A Quiet Bride, A Ruthless Banker, And The Ledger That Saved A Ranch-nhu9999

The stagecoach left me in a cloud of dust with one cloth bundle in my arms and a husband waiting as if he had ordered a tool and wanted to see whether it worked.

Thomas Blackwood was taller than I expected, with sun-dark skin, tired eyes, and the kind of mouth that had forgotten the shape of welcome.

Clara was six years old, thin as a reed, with brown hair pinned too neatly for a child and eyes that seemed older than the house.

Image

She did not run to him.

She did not run from me.

She only held the porch post with both hands and stared at my bundle.

That bundle was all I had brought west.

Thomas led me inside and showed me the kitchen before he showed me the room where I would sleep.

“This will be your domain,” he said.

There was flour, salt pork, beans, a crock of lard, and a stove that looked clean because no joy had been cooked on it in years.

I had crossed half a country to become a wife by paper.
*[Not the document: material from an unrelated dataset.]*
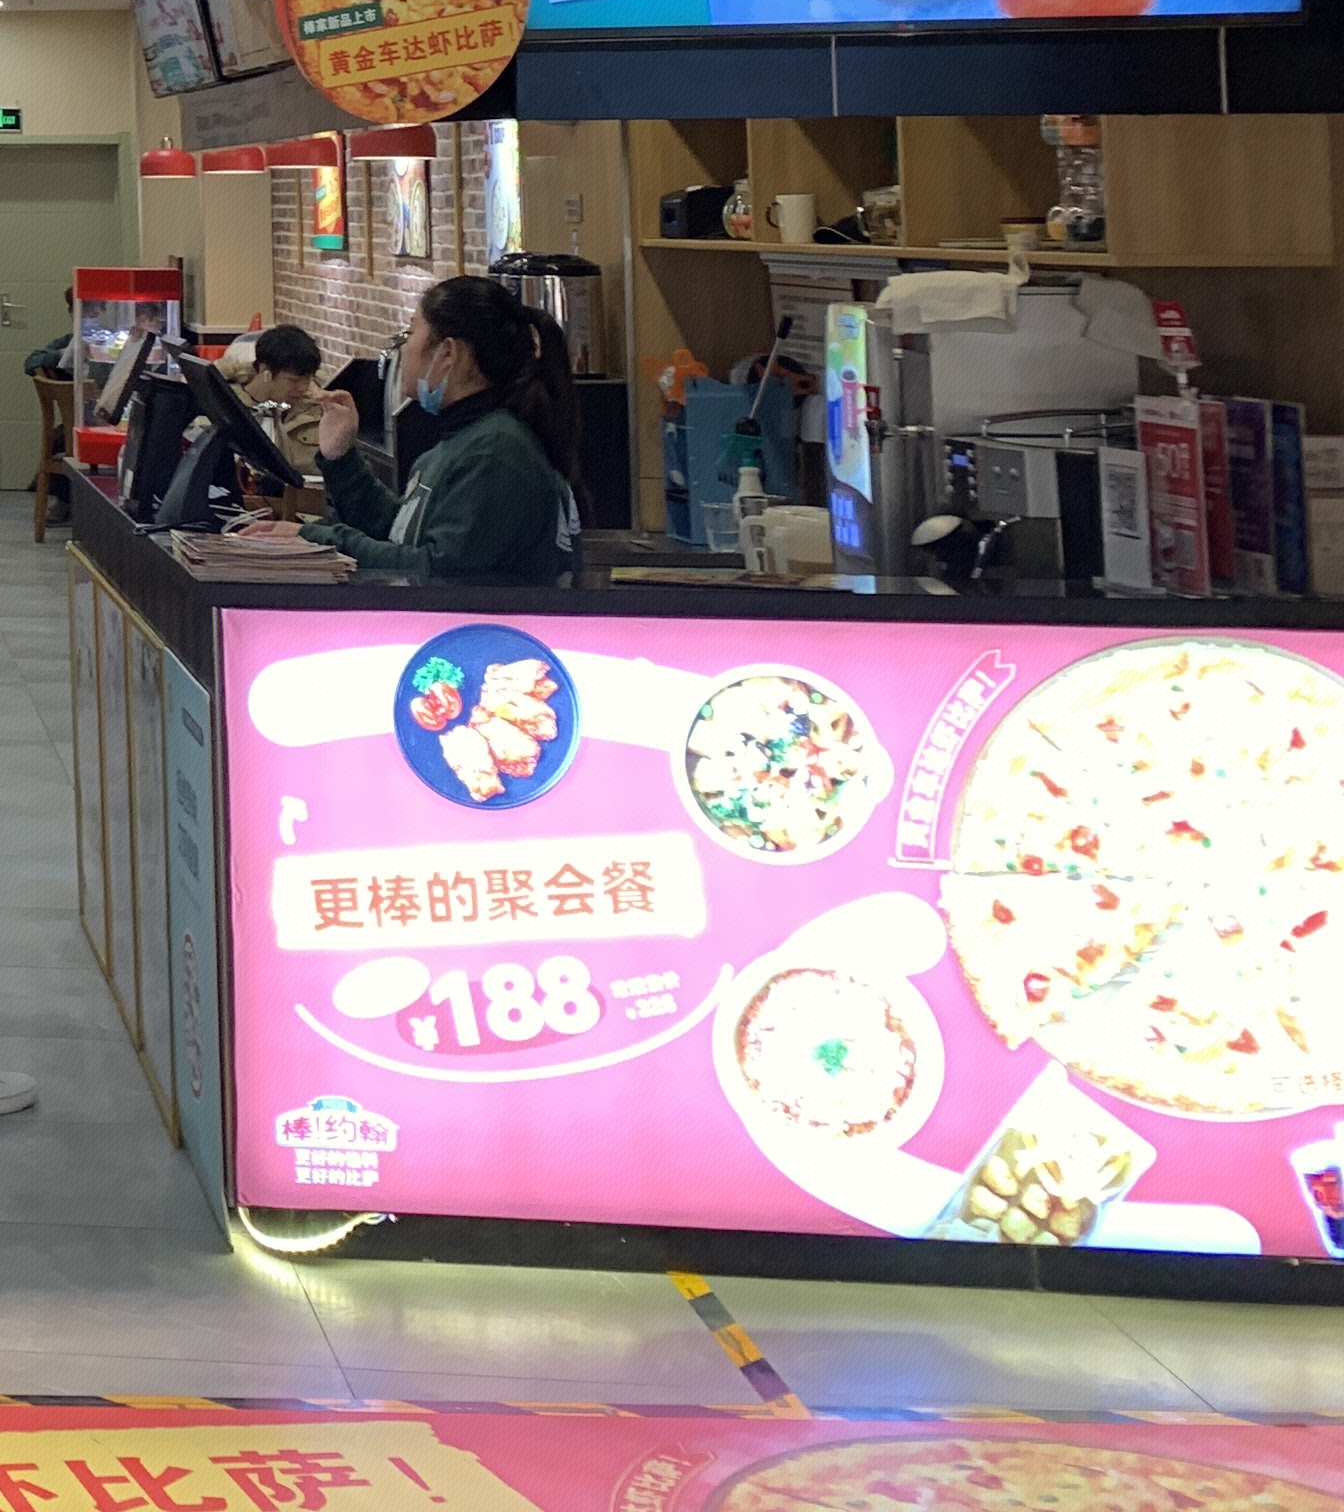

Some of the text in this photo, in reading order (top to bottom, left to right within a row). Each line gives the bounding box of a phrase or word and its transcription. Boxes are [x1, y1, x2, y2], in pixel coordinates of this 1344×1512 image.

[311, 861, 656, 930] 更棒的聚会餐
[282, 1115, 389, 1145] 棒!约翰
By sundown, I understood I had been brought as a pair of hands.

I did not blame him at first.

Grief stood in that house like another person.

It sat in the empty chair at the head of the table.

It lingered in the rocking chair on the porch.

It lived in the chipped teacup Thomas would look at and never touch.

Sarah had been gone two years, but no one had moved her completely out of the rooms.

Her curtains had faded to a tired yellow.

Her sewing basket still sat beside the hearth.

Her daughter moved around all of it like a child inside a church, careful not to make noise in front of the dead.

The first supper was boiled beef, beans, and biscuits hard enough to knock against the plate.

Jeb, the older hand, chewed without complaint.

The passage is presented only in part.